Ancak şu notu da ekliyorlar:
Siyasette 24 saat çok uzun bir zaman.
Ne var ki Torun‘un, Başbakan Davutoğlu‘yla görüşecek olması son derece önemli bir gelişme.
Yani bu görüşme, Torun’un yeniden adaylığının önünü sonuna kadar açtığı yorumlarına neden oldu.
Peki Tahsin Kara‘nın isminin öne çıkması ne anlama geliyor?
Çünkü Genel Merkez‘den bazı yöneticiler Tahsin Kara’yı aradı ve aday gösterilebileceği sinyalini verdi.
İşte tüm bu gelişmeler, işin aslının şu olduğunu gösteriyor:
Parti içinde, Cemalettin Torun‘a karşı bir muhalafet var. Ve bu muhalefet, Genel Merkez düzeyinde çok ciddi bir lobi yaptı. Üstelik muhalefetin öncülüğünü, önemli isimler yapıyor. Bu lobi etkisini göstermiş olacak ki, Kara’nın ismi ön plana çıktı.
Ancak, hem Torun‘un destekçileri hem de Torun‘un muhalifleri, sadece etkileyici unsurlar.
Son kararı Başbakan Ahmet Davutoğlu ile birlikte Başbakan Yardımcısı Bülent Arınç verecek.
Bunu da en geç birkaç gün içinde öğreneceğiz.
Kongre, çok adaylı olabilir mi?
Kuşkusuz hiçbir yasal engel yok.
Tüzük de buna müsait.
Ancak, Genel Merkez‘in, daha da açık bir ifadeyle Başbakan Ahmet Davutoğlu’nun onaylamadığı hiçbir adayın sandıktan çıkması olası görünmüyor.
Diyelim ki, Ankara‘ya rağmen sandıktan çıktı.
O zaman o koltukta oturması söz konusu olamaz.
Beğenirsiniz veya beğenmezsiniz, iktidar partisinde sistem böyle işliyor.
Elektrikte kayıp kaçak kaosu
Yargıtay Hukuk Genel Kurulu, elektrikte kayıp kaçak bedellerinin, faturalara yansıtılmasını hukuka aykırı buldu.

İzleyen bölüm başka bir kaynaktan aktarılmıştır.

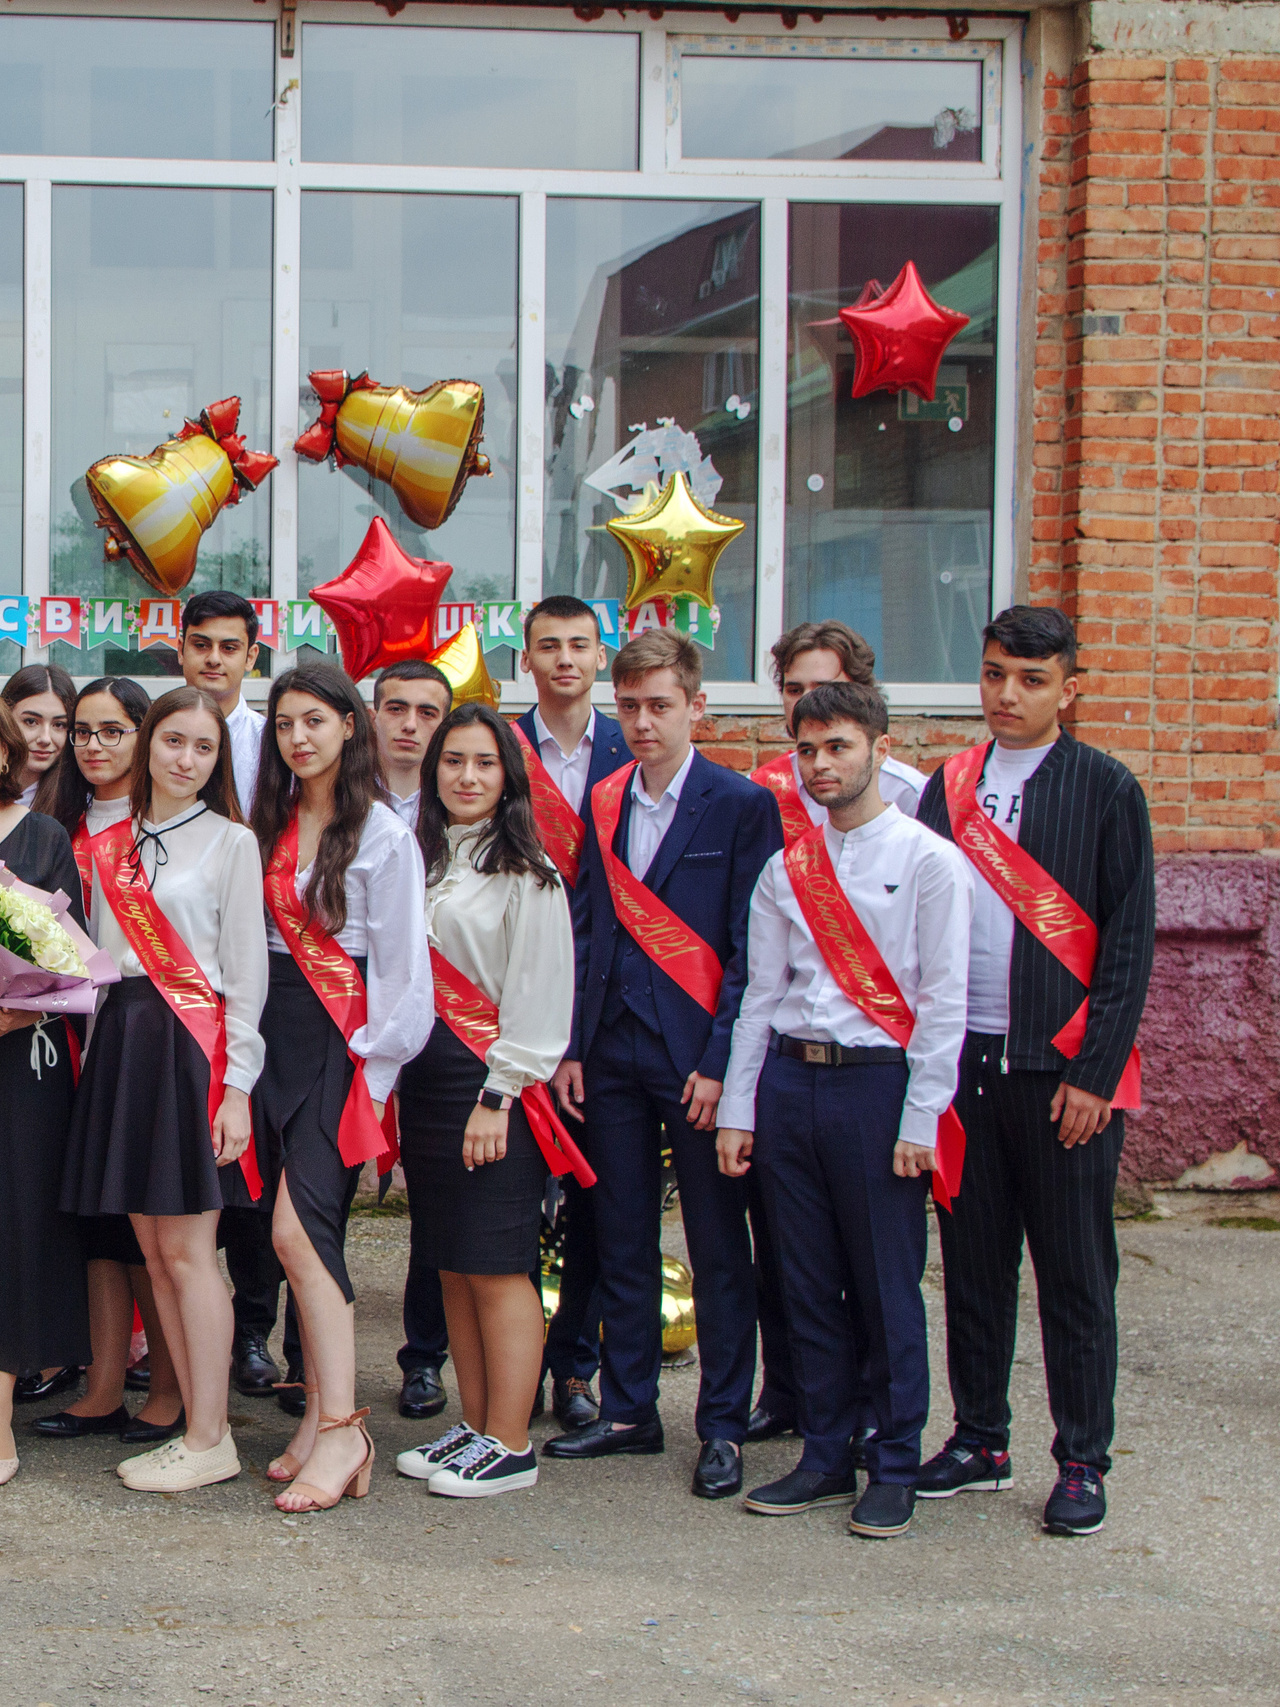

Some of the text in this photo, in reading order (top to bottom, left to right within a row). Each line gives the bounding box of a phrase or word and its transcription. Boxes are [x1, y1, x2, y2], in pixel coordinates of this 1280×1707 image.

[438, 601, 700, 640] ШКЛА!
[804, 873, 879, 993] Выпускник
[1012, 891, 1086, 939] 2021
[631, 916, 700, 960] 2021
[156, 966, 218, 1010] 2021
[301, 955, 362, 999] 2021
[442, 1000, 500, 1045] 2021

Böylece, bir ayıbımız daha, mahkeme kararıyla temizlendi.
Kararın anlamı şu:
Hırsızlık yapanın işlediği suçun bedeli, masum vatandaşa ödettirilemez.
Çünkü yıllardır, elektriği kaçak kullananların çaldıkları, faturasını tıpış tıpış ödeyen tüketiciden alınıyordu.

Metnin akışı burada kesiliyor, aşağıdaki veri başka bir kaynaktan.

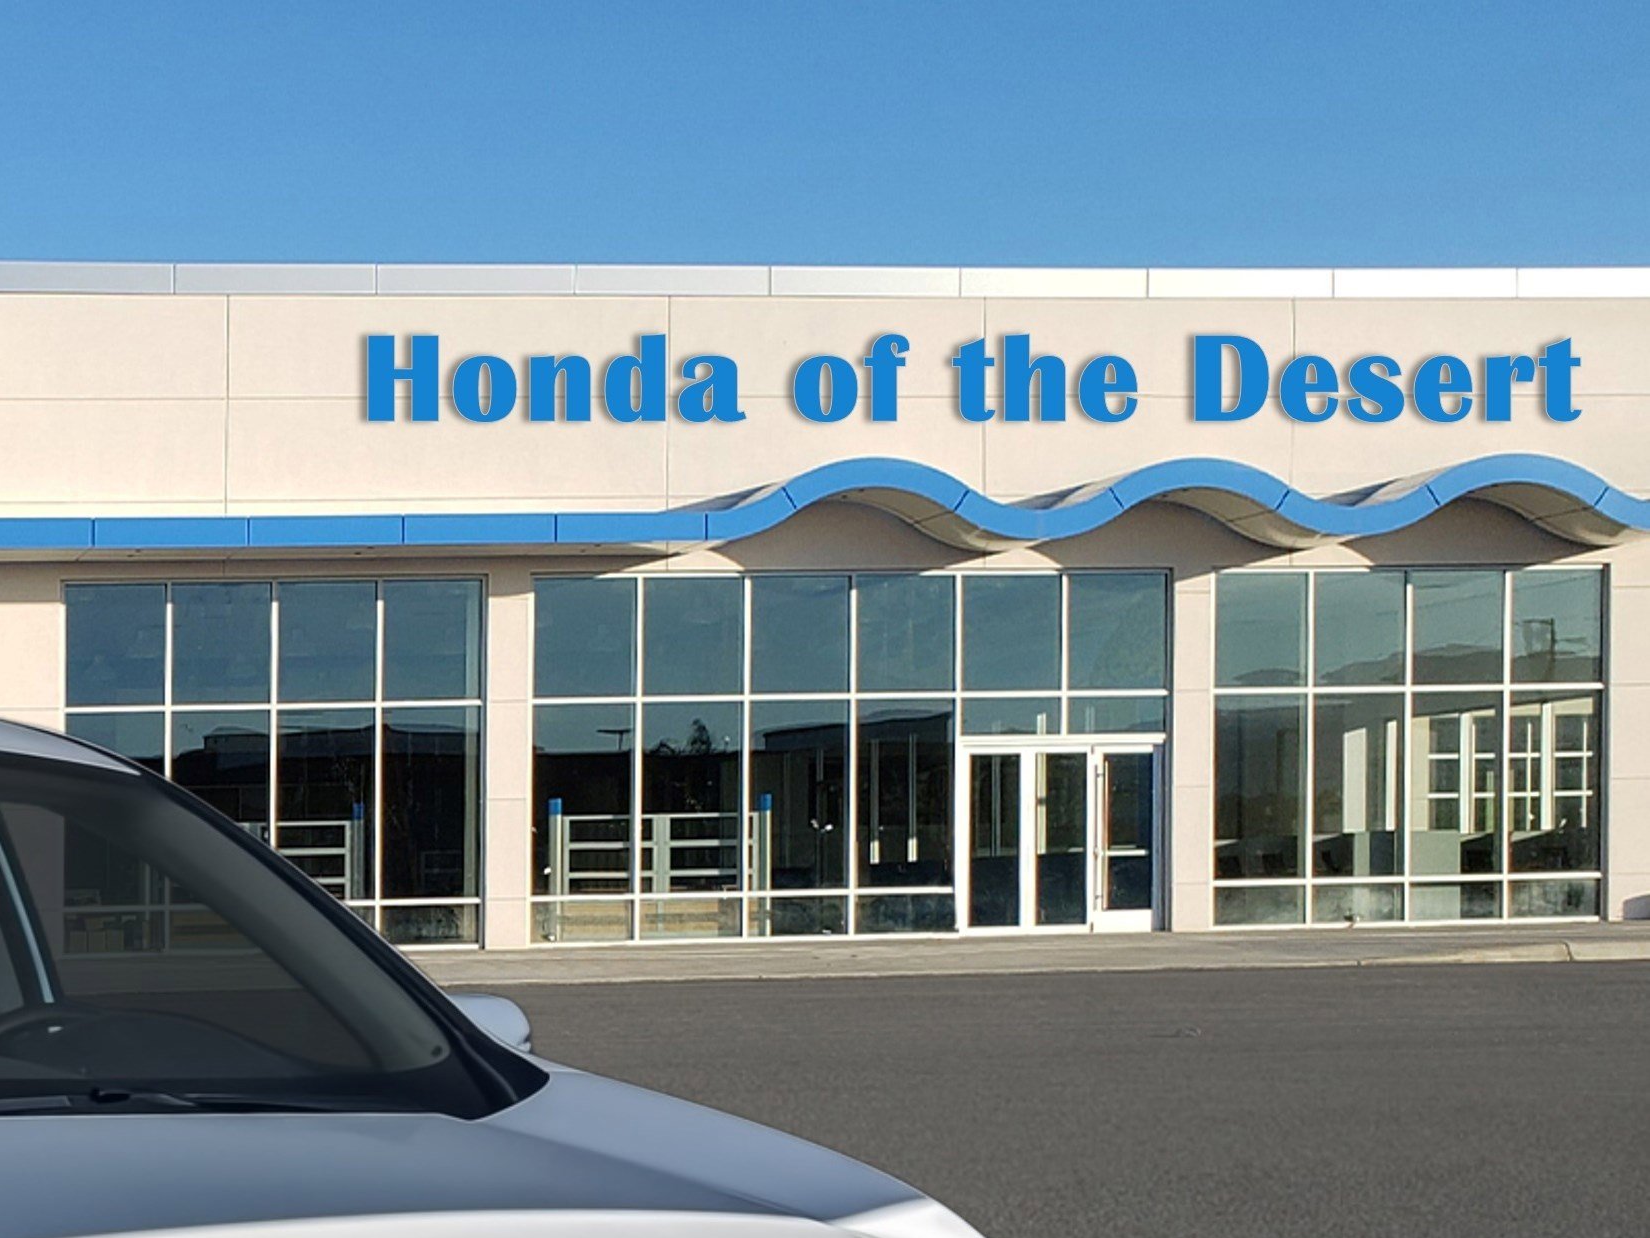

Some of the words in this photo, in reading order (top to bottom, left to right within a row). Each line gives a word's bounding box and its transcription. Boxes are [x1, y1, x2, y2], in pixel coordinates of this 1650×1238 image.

[365, 334, 746, 423] Honda
[792, 334, 910, 423] of
[951, 334, 1138, 423] the
[1192, 334, 1582, 423] Desert

Bu da ne hukuk devleti ne de adalet ilkesine sığıyordu.
Ancak göz göre göre, neredeyse bir devlet politikasına dönüşmüş bu ayıbı, kimsenin ortadan kaldırmaya gücü yetmedi.

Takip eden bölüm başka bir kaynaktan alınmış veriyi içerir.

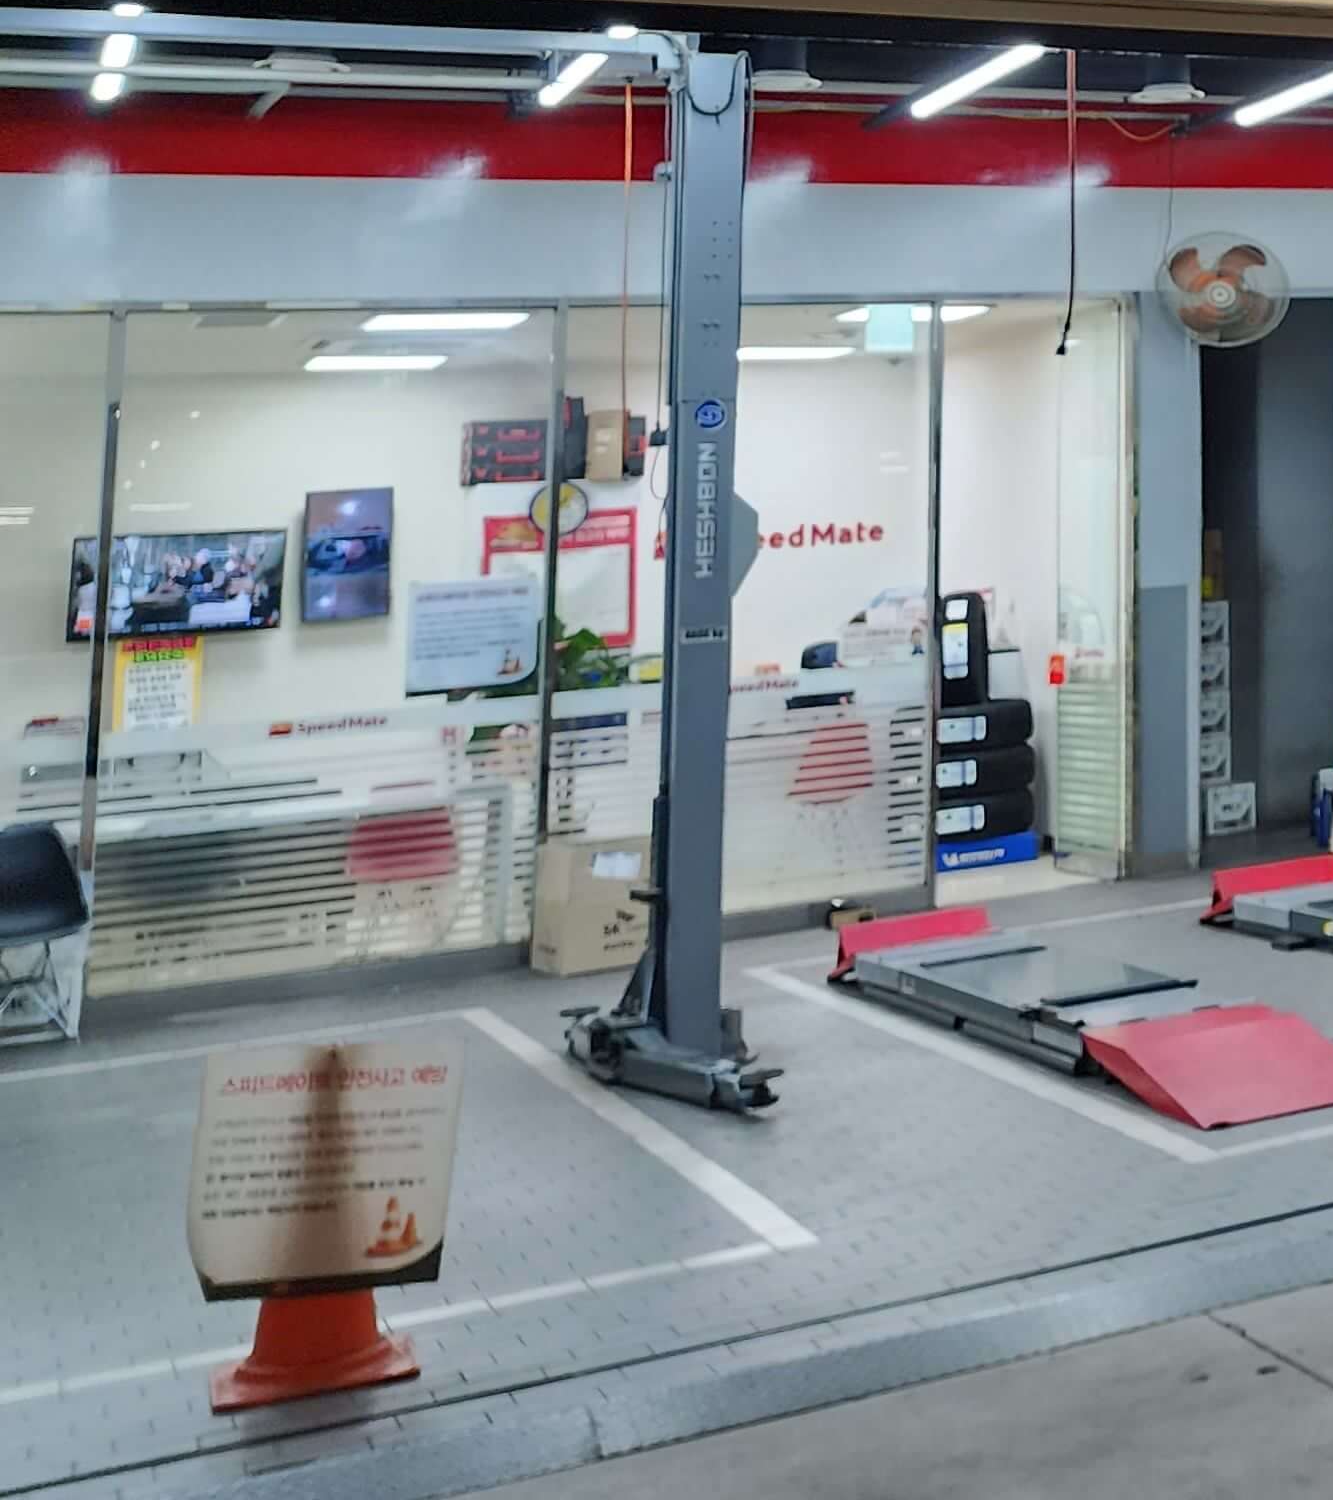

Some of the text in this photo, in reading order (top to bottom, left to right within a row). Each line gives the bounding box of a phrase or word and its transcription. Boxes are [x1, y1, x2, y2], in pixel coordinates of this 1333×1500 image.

[696, 442, 717, 579] HESHBON
[757, 521, 884, 550] edMate
[298, 716, 388, 737] SpeedMate

Taa ki yargı, adaletsizliğe el koyana kadar.
Peki şimdi ne olacak?
Kuşkusuz devlet, bugünden yarına, kaçak elektriğin önüne geçemeyecek.
Yani devlet, hatırı sayılır bir gelir kaybına uğrayacak.
Gelir kaybına uğrayacak kurumların başında TRT de geliyor.
Nitekim, kayıp kaçak bedellerinin yüzde 2’si TRT’ye gidiyordu.
Yeniden ne olacak sorusuna dönersek…
İş, sadece devletin ve TRT‘nin gelir kaybına uğramasıyla bitmiyor çünkü.
Evet, namuslu tüketiciler gelecek aydan itibaren, kayıp kaçak bedeli ödemeyecek ama bugüne kadar ödedikleri ne olacak?
Nitekim, tüketicinin en fazla 10 yıl öncesine dönük kayıp kaçak bedelini istemeye hakkı doğdu.
Bu da hatırı sayılır bir meblağ demek.
Ve Tüketici Hakem Heyetleri‘nin önünde uzun kuyruklar olacağını kestirmek güç değil.
İşte tam da bu noktada, Bursa Tüketiciler Derneği Başkanı Sıtkı Yılmaz’dan 3 öneri geldi:
-Bugüne kadar kayıp kaçak bedelini ödemek zorunda kalan abonelere 10 yıl geriye dönük ödeme yapılması için yasa çıkarılsın.
-10 yıllık kayıp kaçak bedellerini, dağıtıcı elektrik kurumlar ödesin.
-Kayıp kaçak bedelleri, her ay faturalardan düşülmek suretiyle, mahsup edilsin.
Yasal alt yapının oluşturulmasından Enerji Bakanı Taner Yıldız da söz etmişti.
Eğer bu 3 seçenek de hayata geçirilmezse, vatandaşı, çetin bir hak arama mücadelesi bekleyecek.